Computing power struggles to keep up with analysis demands as data generation keep increasing exponentially. Realizing new platforms for massively parallel data processing, where large amounts of data are processed 'all at once' rather than piece-by-piece, is key to closing this gap. Now, SpinENGINE is combining two cutting-edge concepts, reservoir computing and nanomagnet ensemble dynamics, to realise this vision. Reservoir computing utilises a reservoir with highly nonlinear dynamics that projects input signals onto high-dimensional spaces and use simple linear processing techniques to extract an output. SpinENGINE is using the emergent and tuneable nonlinear interactions in nanomagnet ensembles as the reservoir to create a new massively parallel, computational device.
The SpinENGINE project will lay the foundations for a new, massively parallel, computational platform based on emergent behaviour in large nanomagnet ensembles. The project will develop an efficient, highly scalable, and easily reproducible platform meeting the data analysis challenges in our increasingly data-rich society. We will build upon our recent discoveries and use complex, nonlinear, and highly tunable interactions in such ensembles to realize a hardware platform for “Reservoir Computing”, a biologically-inspired computational approach. Our critical hypothesis is that the synergies between the inherent properties of nanomagnet ensembles and those required for reservoir computing will enable the efficient creation of a highly adaptive computational platform for the analysis of complex, dynamic data sets. This has the potential to greatly outperform current approaches using conventional CMOS hardware. We have defined four key objectives, each of individual scientific merit that will contribute essential functionalities to the computing platform as a whole:
Objective 1—To establish protocols for reservoir computing based on nanomagnet ensemble behaviour, i.e. representing linear independent reservoir transfer functions (x_i (t)) with emergent ensemble properties and memory of past states through ensemble non-volatility.
Objective 2—To identify the most suitable approach for tuning interactions between nanomagnets, i.e. determine the effectiveness of different external stimuli in tuning inter-element coupling with optimized element geometry, arrangement, and materials.
Objective 3—To understand and demonstrate tuneable emergent behaviour in nanomagnet ensembles, i.e. determine the sensitivity of emergent properties of large nanomagnet ensembles to external stimuli as well as lattice geometries, material compositions, local inhomogeneities, and boundary effects.
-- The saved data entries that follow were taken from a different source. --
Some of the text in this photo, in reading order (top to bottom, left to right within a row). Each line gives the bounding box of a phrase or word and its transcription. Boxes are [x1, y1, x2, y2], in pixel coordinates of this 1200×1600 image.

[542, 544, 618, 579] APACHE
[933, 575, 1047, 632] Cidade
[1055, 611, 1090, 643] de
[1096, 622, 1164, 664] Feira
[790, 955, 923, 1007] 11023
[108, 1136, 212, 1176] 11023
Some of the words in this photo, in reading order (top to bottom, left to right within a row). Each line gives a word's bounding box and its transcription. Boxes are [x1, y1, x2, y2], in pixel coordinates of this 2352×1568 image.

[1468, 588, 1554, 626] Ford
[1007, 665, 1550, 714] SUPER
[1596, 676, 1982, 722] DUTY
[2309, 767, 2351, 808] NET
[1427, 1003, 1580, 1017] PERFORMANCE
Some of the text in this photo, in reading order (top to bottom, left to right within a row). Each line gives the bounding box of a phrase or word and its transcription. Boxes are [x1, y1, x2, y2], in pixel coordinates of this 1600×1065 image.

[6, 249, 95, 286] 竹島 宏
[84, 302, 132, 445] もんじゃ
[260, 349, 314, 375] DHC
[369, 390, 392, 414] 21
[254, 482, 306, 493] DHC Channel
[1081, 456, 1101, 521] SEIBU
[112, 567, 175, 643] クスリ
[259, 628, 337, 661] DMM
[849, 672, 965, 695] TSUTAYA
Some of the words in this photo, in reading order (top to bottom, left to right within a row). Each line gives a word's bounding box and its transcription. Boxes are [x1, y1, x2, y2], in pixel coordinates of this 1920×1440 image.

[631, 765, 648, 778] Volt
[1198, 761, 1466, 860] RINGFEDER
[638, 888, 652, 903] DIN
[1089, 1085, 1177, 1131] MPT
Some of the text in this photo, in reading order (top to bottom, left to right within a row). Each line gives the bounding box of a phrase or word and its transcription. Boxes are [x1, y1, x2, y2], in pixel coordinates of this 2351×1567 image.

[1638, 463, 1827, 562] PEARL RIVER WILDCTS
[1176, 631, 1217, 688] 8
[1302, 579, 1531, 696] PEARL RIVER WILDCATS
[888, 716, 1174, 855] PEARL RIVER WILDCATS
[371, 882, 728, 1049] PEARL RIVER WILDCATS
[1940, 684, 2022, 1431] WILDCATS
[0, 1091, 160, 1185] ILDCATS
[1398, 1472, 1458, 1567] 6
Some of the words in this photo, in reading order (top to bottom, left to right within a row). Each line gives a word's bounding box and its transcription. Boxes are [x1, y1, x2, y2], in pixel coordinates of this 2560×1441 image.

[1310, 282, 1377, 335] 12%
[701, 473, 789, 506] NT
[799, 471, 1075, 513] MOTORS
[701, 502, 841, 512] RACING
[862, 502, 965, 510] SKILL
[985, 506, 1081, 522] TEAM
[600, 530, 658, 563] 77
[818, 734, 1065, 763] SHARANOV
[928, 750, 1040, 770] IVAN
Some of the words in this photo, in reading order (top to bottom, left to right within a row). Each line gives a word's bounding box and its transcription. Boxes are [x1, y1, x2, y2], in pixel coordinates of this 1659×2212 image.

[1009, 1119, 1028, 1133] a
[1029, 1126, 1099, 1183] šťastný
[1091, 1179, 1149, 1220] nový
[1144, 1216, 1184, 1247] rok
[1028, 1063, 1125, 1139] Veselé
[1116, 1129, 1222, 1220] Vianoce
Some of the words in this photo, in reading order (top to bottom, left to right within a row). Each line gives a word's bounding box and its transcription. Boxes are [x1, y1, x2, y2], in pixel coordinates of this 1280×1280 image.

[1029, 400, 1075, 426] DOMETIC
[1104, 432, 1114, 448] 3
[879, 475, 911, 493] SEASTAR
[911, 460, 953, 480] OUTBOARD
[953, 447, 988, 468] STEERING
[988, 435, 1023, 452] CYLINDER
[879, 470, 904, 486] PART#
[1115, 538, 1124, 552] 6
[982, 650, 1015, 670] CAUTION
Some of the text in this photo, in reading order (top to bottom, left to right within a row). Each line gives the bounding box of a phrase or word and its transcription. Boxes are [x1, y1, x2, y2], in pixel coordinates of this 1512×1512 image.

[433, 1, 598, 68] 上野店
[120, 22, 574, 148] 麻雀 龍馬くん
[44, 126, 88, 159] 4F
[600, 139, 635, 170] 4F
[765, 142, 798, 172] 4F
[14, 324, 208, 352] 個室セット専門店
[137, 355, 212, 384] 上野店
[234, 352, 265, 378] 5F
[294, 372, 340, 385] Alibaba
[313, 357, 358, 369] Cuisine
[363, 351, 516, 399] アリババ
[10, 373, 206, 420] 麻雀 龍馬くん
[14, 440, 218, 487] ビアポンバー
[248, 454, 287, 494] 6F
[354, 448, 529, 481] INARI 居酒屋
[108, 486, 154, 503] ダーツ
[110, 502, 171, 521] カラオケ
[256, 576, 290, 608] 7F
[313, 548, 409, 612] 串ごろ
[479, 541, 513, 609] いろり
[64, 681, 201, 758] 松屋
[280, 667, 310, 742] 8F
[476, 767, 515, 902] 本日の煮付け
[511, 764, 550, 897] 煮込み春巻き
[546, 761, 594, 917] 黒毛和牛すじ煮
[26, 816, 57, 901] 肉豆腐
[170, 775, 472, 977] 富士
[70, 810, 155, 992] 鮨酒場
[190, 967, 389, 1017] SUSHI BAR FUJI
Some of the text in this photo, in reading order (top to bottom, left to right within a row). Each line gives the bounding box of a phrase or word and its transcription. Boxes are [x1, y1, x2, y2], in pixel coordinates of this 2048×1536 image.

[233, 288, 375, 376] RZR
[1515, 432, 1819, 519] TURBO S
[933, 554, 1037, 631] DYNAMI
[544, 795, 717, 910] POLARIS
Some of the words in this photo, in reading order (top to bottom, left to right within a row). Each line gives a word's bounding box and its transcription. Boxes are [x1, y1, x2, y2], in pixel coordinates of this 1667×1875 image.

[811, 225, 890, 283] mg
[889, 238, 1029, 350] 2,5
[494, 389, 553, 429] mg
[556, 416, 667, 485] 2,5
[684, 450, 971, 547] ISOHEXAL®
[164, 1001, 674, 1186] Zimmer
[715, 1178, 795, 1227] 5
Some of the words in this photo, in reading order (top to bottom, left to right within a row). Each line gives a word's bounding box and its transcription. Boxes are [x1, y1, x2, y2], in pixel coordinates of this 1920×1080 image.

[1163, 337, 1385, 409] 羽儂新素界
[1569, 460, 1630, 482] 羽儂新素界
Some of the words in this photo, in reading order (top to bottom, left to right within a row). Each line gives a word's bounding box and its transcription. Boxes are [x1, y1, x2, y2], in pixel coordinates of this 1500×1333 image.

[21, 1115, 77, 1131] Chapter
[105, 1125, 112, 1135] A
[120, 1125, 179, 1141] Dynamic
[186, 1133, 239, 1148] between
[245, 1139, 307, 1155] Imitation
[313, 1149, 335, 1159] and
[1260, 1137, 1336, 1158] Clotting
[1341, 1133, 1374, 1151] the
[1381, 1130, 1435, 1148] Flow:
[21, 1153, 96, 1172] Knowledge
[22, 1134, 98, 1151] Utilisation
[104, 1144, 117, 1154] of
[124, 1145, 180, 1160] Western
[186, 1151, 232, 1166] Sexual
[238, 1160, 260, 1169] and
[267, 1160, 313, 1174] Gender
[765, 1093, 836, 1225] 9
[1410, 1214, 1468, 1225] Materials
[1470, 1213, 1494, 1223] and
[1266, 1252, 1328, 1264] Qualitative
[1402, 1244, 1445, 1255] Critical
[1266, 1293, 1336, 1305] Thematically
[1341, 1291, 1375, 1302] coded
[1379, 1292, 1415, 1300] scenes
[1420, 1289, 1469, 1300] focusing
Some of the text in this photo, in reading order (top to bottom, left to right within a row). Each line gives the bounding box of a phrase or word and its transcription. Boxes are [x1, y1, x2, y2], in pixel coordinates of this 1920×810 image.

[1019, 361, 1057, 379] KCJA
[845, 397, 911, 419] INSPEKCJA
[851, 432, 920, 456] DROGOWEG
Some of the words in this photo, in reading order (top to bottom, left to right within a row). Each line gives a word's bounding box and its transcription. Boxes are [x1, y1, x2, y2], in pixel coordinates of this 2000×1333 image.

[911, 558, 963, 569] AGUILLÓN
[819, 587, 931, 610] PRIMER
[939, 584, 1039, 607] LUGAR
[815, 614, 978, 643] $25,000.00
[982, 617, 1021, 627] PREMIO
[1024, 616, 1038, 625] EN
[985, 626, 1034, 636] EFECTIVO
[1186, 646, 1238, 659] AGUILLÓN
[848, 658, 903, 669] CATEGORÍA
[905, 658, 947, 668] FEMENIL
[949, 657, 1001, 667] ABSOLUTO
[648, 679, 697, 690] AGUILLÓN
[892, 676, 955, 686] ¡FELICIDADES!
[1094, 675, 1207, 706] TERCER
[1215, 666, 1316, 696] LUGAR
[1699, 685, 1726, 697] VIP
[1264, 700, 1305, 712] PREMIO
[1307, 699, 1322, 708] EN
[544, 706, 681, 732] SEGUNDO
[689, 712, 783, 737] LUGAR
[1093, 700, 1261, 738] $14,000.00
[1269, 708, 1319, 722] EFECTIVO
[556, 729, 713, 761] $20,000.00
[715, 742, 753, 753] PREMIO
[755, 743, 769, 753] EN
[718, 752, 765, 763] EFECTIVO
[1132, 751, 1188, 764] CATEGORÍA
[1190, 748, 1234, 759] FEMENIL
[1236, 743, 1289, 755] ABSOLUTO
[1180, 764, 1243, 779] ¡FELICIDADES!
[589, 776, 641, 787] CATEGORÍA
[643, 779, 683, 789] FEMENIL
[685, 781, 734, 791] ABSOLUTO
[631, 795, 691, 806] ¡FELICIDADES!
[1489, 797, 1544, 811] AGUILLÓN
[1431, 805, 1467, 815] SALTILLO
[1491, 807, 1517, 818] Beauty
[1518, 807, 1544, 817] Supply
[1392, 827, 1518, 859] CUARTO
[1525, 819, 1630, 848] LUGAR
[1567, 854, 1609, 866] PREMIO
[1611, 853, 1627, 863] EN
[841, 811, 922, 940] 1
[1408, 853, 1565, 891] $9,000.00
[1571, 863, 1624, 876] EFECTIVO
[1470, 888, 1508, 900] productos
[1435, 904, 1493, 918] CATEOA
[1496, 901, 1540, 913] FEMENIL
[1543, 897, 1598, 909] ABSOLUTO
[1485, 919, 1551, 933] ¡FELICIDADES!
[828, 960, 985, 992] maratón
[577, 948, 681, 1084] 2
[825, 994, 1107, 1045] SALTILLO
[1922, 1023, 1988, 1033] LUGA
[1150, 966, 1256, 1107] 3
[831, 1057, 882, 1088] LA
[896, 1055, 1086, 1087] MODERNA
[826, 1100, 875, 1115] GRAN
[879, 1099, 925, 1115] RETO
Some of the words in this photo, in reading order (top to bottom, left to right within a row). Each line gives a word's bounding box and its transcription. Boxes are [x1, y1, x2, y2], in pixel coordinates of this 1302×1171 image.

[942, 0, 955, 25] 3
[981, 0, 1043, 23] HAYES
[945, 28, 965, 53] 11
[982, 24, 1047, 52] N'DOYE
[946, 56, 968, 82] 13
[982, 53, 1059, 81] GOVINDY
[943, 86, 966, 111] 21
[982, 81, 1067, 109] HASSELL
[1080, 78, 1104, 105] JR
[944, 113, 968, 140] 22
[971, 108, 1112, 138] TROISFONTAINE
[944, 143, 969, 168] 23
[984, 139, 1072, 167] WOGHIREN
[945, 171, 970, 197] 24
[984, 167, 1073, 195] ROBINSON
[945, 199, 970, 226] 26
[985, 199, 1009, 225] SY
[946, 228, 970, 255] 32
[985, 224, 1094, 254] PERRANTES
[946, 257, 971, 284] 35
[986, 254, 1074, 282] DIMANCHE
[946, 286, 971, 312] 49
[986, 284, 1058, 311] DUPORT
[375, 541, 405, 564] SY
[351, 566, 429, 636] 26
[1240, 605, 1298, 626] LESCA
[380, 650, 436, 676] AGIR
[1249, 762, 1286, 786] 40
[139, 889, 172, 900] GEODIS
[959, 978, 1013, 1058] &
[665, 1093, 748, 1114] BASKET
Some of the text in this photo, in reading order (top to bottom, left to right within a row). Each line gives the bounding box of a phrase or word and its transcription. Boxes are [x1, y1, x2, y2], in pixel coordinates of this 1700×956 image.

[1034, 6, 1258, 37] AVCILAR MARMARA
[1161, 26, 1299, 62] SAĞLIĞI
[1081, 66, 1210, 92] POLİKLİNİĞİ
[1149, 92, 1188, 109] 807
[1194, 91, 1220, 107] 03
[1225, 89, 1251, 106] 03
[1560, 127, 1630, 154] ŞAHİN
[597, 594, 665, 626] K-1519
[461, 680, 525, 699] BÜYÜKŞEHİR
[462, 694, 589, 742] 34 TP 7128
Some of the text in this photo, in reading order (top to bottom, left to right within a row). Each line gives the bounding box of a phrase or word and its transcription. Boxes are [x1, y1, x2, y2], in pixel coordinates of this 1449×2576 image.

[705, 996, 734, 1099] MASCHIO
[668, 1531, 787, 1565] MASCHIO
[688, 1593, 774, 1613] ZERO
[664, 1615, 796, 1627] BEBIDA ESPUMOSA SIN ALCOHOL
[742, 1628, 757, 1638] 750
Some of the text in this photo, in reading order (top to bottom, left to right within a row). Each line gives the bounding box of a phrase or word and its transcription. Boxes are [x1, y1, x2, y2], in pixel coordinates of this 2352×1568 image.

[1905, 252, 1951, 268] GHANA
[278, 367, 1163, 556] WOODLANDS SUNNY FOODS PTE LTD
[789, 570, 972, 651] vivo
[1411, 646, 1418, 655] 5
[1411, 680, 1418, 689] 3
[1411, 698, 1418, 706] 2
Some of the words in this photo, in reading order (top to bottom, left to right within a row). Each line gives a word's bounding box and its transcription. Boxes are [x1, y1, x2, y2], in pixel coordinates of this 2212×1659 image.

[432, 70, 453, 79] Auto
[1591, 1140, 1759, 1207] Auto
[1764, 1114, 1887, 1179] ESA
Objective 4—To demonstrate computational functionality in nanomagnet ensembles. This will require demonstration of data read/write methods and integration of connections for read, write, and tuning operations on a large ensemble.
SpinENGINE brings together a multidisciplinary team of researchers with expertise in computer science, condensed matter physics, material science, computational modelling, and high-resolution microscopy. This enable us to simultaneously explore the fundamental behaviours of nanomagnet ensembles and understand how these can be harnessed for useful computation.
By the end of the SpinENGINE project we have demonstrated that coupled nanomagnet ensembles and their emergent properties may serve as a promising platform for reservoir computing. We have developed simulator frameworks suitable for exploring such systems in simulation, methodologies for fabrication of physical implementations and promoted the use of task-independent metrics for evaluation of their performance as reservoirs. Finally, we have implemented demonstrator implementations, two lab-based and on palm sized implementation with all-electrical input and readout.